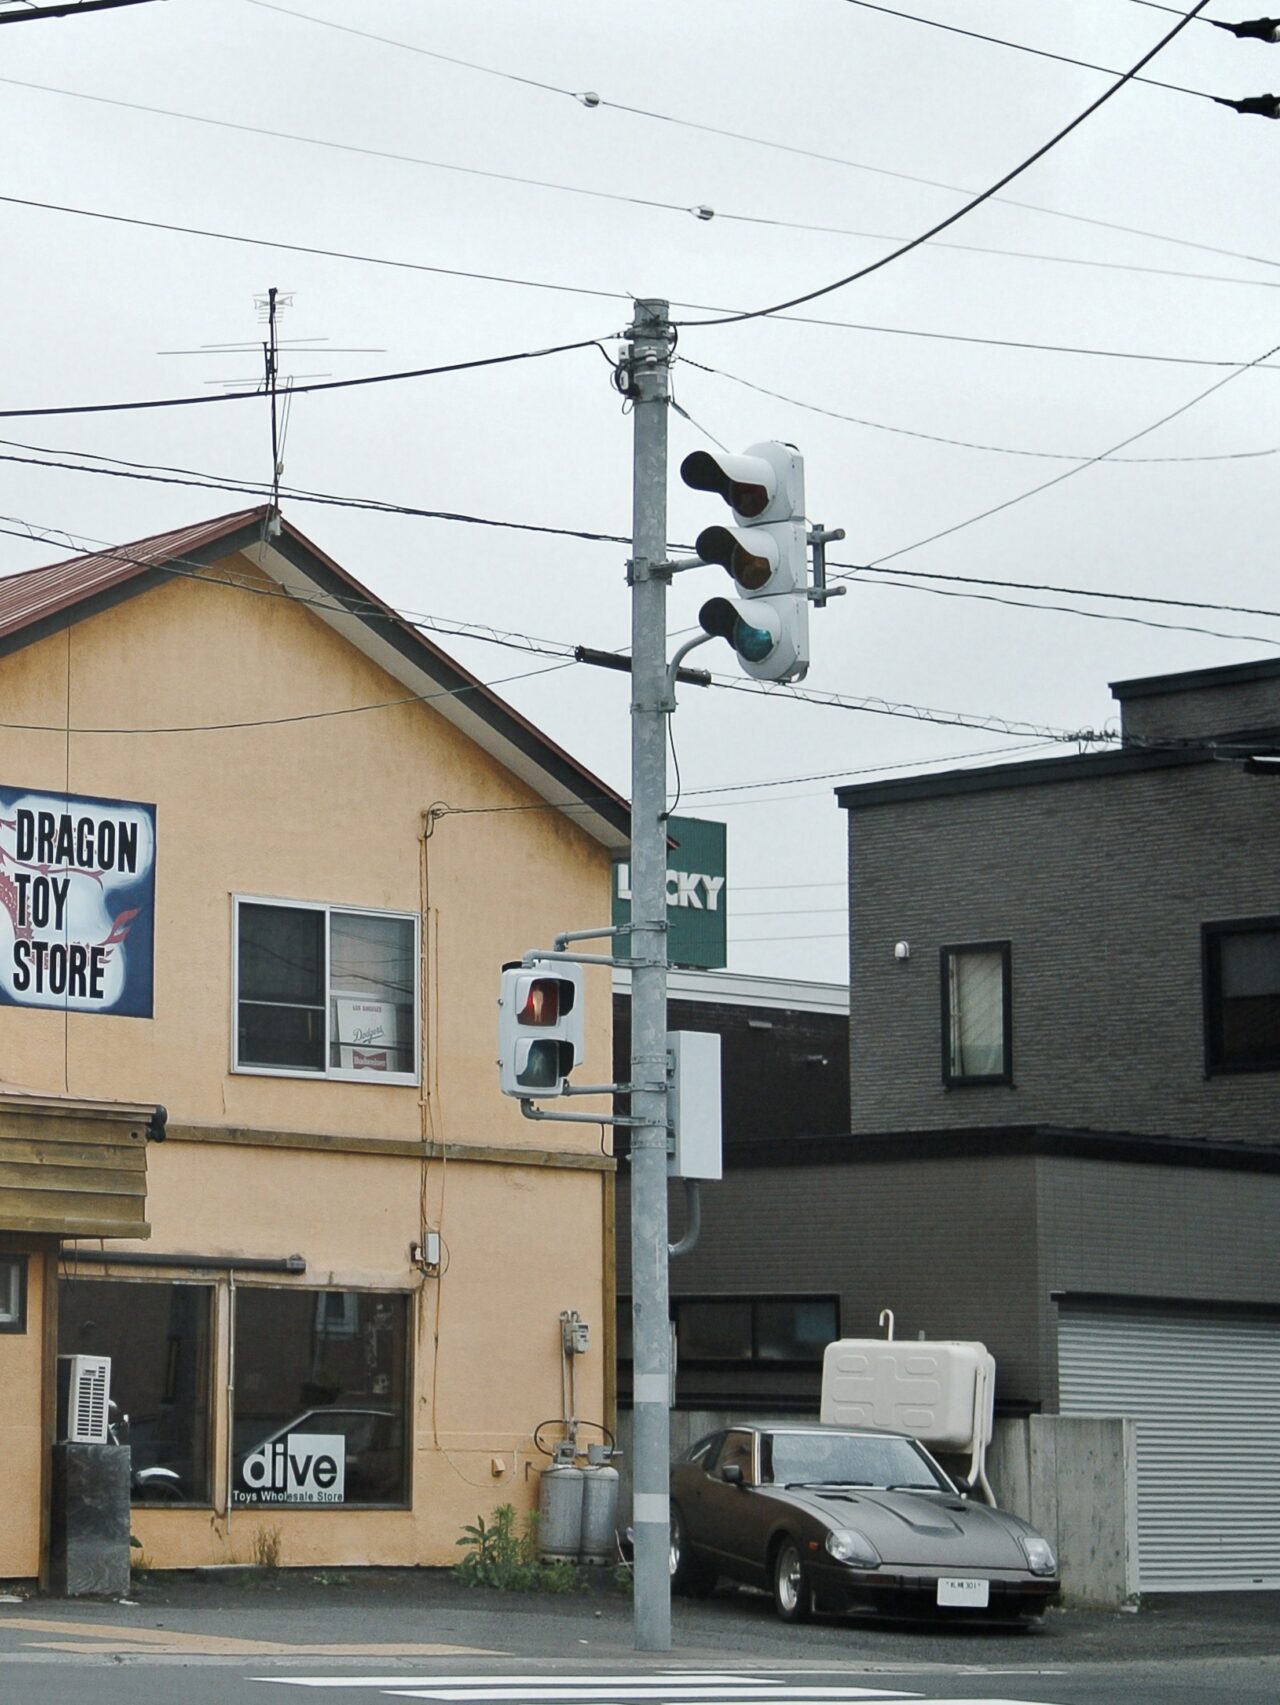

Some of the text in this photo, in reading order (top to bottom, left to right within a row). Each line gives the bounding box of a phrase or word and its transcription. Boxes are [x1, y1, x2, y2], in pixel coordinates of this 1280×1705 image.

[16, 808, 137, 874] DRAGON
[15, 873, 70, 931] TOY
[618, 864, 724, 911] LCKY
[13, 940, 105, 999] STORE
[243, 1443, 337, 1489] dive
[233, 1490, 343, 1503] Toys Wholesale Store

* * *

# The task:
Word for word, reproduce the listing above; no image should be carried over.

# Answer:
Some of the text in this photo, in reading order (top to bottom, left to right within a row). Each line gives the bounding box of a phrase or word and its transcription. Boxes are [x1, y1, x2, y2], in pixel coordinates of this 1280×1705 image.

[16, 808, 137, 874] DRAGON
[15, 873, 70, 931] TOY
[618, 864, 724, 911] LCKY
[13, 940, 105, 999] STORE
[243, 1443, 337, 1489] dive
[233, 1490, 343, 1503] Toys Wholesale Store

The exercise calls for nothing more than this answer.